● Input:
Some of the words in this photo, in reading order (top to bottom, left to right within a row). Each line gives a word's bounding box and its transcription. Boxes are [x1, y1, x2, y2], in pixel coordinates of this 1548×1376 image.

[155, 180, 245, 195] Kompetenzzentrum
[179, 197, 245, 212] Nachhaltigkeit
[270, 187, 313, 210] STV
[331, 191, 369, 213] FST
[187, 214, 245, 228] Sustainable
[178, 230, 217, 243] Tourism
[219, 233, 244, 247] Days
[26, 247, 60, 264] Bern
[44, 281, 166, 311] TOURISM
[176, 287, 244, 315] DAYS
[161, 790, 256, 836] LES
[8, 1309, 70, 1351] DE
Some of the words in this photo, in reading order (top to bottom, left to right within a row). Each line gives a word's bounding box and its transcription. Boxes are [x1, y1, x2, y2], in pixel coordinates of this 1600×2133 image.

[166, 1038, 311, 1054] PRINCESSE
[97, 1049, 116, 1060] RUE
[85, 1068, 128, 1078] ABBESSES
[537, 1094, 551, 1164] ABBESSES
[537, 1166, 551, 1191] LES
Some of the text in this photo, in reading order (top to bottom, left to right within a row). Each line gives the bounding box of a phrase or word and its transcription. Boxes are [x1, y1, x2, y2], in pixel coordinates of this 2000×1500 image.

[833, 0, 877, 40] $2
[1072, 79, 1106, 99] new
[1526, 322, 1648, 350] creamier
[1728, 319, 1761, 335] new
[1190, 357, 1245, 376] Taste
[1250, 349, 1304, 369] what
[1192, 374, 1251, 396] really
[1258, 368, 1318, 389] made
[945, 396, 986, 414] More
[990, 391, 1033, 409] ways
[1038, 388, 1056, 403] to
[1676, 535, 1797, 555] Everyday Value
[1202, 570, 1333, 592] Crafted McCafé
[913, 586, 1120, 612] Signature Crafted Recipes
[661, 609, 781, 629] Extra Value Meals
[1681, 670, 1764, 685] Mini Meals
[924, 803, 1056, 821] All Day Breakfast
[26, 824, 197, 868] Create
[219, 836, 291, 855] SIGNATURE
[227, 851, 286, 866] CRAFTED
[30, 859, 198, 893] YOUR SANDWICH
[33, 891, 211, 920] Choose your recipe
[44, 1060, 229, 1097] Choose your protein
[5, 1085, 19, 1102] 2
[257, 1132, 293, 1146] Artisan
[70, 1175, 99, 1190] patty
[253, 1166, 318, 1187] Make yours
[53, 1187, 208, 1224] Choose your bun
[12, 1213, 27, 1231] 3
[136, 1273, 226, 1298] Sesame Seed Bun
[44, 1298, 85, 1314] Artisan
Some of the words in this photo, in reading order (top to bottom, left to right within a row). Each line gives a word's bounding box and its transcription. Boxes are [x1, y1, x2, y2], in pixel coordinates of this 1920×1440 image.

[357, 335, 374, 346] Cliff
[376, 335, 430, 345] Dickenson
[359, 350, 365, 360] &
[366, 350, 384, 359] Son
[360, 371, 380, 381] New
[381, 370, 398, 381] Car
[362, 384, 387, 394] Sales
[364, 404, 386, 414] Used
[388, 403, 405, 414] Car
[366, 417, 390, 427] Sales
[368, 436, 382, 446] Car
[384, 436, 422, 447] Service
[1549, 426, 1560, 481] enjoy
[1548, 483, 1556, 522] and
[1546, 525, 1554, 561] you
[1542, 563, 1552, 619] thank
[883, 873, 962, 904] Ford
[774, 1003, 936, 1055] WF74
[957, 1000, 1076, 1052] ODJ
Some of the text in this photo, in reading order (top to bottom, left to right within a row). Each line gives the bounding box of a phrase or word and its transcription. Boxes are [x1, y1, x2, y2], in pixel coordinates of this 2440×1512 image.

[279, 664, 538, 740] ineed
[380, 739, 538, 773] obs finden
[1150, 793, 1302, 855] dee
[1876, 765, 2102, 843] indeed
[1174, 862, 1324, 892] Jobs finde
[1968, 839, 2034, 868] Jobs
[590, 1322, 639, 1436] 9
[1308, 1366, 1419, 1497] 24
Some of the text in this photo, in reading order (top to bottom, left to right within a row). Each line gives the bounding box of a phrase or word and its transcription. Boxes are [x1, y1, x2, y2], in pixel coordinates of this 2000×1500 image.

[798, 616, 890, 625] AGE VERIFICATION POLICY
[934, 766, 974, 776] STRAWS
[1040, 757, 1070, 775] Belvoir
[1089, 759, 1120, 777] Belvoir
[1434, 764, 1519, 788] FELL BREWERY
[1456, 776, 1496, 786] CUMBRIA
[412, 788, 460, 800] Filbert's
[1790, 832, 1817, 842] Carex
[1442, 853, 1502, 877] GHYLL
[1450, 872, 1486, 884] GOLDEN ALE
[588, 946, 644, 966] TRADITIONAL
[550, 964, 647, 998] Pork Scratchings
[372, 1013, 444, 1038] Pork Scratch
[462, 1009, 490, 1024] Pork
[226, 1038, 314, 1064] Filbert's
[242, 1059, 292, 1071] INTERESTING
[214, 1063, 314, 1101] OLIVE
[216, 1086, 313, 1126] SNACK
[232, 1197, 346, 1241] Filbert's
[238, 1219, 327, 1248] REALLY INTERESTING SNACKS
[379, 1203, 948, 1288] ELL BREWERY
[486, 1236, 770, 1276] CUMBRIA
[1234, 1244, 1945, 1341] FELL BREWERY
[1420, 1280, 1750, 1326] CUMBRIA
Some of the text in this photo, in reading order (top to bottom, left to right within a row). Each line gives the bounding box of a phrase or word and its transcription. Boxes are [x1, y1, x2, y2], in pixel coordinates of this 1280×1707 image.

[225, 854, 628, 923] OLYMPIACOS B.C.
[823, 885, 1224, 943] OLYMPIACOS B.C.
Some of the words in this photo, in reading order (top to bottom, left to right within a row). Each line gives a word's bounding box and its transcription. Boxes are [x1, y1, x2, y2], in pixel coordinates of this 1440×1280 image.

● What is needed:
Please reproduce each line above exactly as written.

● Response to the task:
Some of the words in this photo, in reading order (top to bottom, left to right within a row). Each line gives a word's bounding box and its transcription. Boxes are [x1, y1, x2, y2], in pixel coordinates of this 1548×1376 image.

[155, 180, 245, 195] Kompetenzzentrum
[179, 197, 245, 212] Nachhaltigkeit
[270, 187, 313, 210] STV
[331, 191, 369, 213] FST
[187, 214, 245, 228] Sustainable
[178, 230, 217, 243] Tourism
[219, 233, 244, 247] Days
[26, 247, 60, 264] Bern
[44, 281, 166, 311] TOURISM
[176, 287, 244, 315] DAYS
[161, 790, 256, 836] LES
[8, 1309, 70, 1351] DE
Some of the words in this photo, in reading order (top to bottom, left to right within a row). Each line gives a word's bounding box and its transcription. Boxes are [x1, y1, x2, y2], in pixel coordinates of this 1600×2133 image.

[166, 1038, 311, 1054] PRINCESSE
[97, 1049, 116, 1060] RUE
[85, 1068, 128, 1078] ABBESSES
[537, 1094, 551, 1164] ABBESSES
[537, 1166, 551, 1191] LES
Some of the text in this photo, in reading order (top to bottom, left to right within a row). Each line gives the bounding box of a phrase or word and its transcription. Boxes are [x1, y1, x2, y2], in pixel coordinates of this 2000×1500 image.

[833, 0, 877, 40] $2
[1072, 79, 1106, 99] new
[1526, 322, 1648, 350] creamier
[1728, 319, 1761, 335] new
[1190, 357, 1245, 376] Taste
[1250, 349, 1304, 369] what
[1192, 374, 1251, 396] really
[1258, 368, 1318, 389] made
[945, 396, 986, 414] More
[990, 391, 1033, 409] ways
[1038, 388, 1056, 403] to
[1676, 535, 1797, 555] Everyday Value
[1202, 570, 1333, 592] Crafted McCafé
[913, 586, 1120, 612] Signature Crafted Recipes
[661, 609, 781, 629] Extra Value Meals
[1681, 670, 1764, 685] Mini Meals
[924, 803, 1056, 821] All Day Breakfast
[26, 824, 197, 868] Create
[219, 836, 291, 855] SIGNATURE
[227, 851, 286, 866] CRAFTED
[30, 859, 198, 893] YOUR SANDWICH
[33, 891, 211, 920] Choose your recipe
[44, 1060, 229, 1097] Choose your protein
[5, 1085, 19, 1102] 2
[257, 1132, 293, 1146] Artisan
[70, 1175, 99, 1190] patty
[253, 1166, 318, 1187] Make yours
[53, 1187, 208, 1224] Choose your bun
[12, 1213, 27, 1231] 3
[136, 1273, 226, 1298] Sesame Seed Bun
[44, 1298, 85, 1314] Artisan
Some of the words in this photo, in reading order (top to bottom, left to right within a row). Each line gives a word's bounding box and its transcription. Boxes are [x1, y1, x2, y2], in pixel coordinates of this 1920×1440 image.

[357, 335, 374, 346] Cliff
[376, 335, 430, 345] Dickenson
[359, 350, 365, 360] &
[366, 350, 384, 359] Son
[360, 371, 380, 381] New
[381, 370, 398, 381] Car
[362, 384, 387, 394] Sales
[364, 404, 386, 414] Used
[388, 403, 405, 414] Car
[366, 417, 390, 427] Sales
[368, 436, 382, 446] Car
[384, 436, 422, 447] Service
[1549, 426, 1560, 481] enjoy
[1548, 483, 1556, 522] and
[1546, 525, 1554, 561] you
[1542, 563, 1552, 619] thank
[883, 873, 962, 904] Ford
[774, 1003, 936, 1055] WF74
[957, 1000, 1076, 1052] ODJ
Some of the text in this photo, in reading order (top to bottom, left to right within a row). Each line gives the bounding box of a phrase or word and its transcription. Boxes are [x1, y1, x2, y2], in pixel coordinates of this 2440×1512 image.

[279, 664, 538, 740] ineed
[380, 739, 538, 773] obs finden
[1150, 793, 1302, 855] dee
[1876, 765, 2102, 843] indeed
[1174, 862, 1324, 892] Jobs finde
[1968, 839, 2034, 868] Jobs
[590, 1322, 639, 1436] 9
[1308, 1366, 1419, 1497] 24
Some of the text in this photo, in reading order (top to bottom, left to right within a row). Each line gives the bounding box of a phrase or word and its transcription. Boxes are [x1, y1, x2, y2], in pixel coordinates of this 2000×1500 image.

[798, 616, 890, 625] AGE VERIFICATION POLICY
[934, 766, 974, 776] STRAWS
[1040, 757, 1070, 775] Belvoir
[1089, 759, 1120, 777] Belvoir
[1434, 764, 1519, 788] FELL BREWERY
[1456, 776, 1496, 786] CUMBRIA
[412, 788, 460, 800] Filbert's
[1790, 832, 1817, 842] Carex
[1442, 853, 1502, 877] GHYLL
[1450, 872, 1486, 884] GOLDEN ALE
[588, 946, 644, 966] TRADITIONAL
[550, 964, 647, 998] Pork Scratchings
[372, 1013, 444, 1038] Pork Scratch
[462, 1009, 490, 1024] Pork
[226, 1038, 314, 1064] Filbert's
[242, 1059, 292, 1071] INTERESTING
[214, 1063, 314, 1101] OLIVE
[216, 1086, 313, 1126] SNACK
[232, 1197, 346, 1241] Filbert's
[238, 1219, 327, 1248] REALLY INTERESTING SNACKS
[379, 1203, 948, 1288] ELL BREWERY
[486, 1236, 770, 1276] CUMBRIA
[1234, 1244, 1945, 1341] FELL BREWERY
[1420, 1280, 1750, 1326] CUMBRIA
Some of the text in this photo, in reading order (top to bottom, left to right within a row). Each line gives the bounding box of a phrase or word and its transcription. Boxes are [x1, y1, x2, y2], in pixel coordinates of this 1280×1707 image.

[225, 854, 628, 923] OLYMPIACOS B.C.
[823, 885, 1224, 943] OLYMPIACOS B.C.
Some of the words in this photo, in reading order (top to bottom, left to right within a row). Each line gives a word's bounding box and its transcription. Boxes are [x1, y1, x2, y2], in pixel coordinates of this 1440×1280 image.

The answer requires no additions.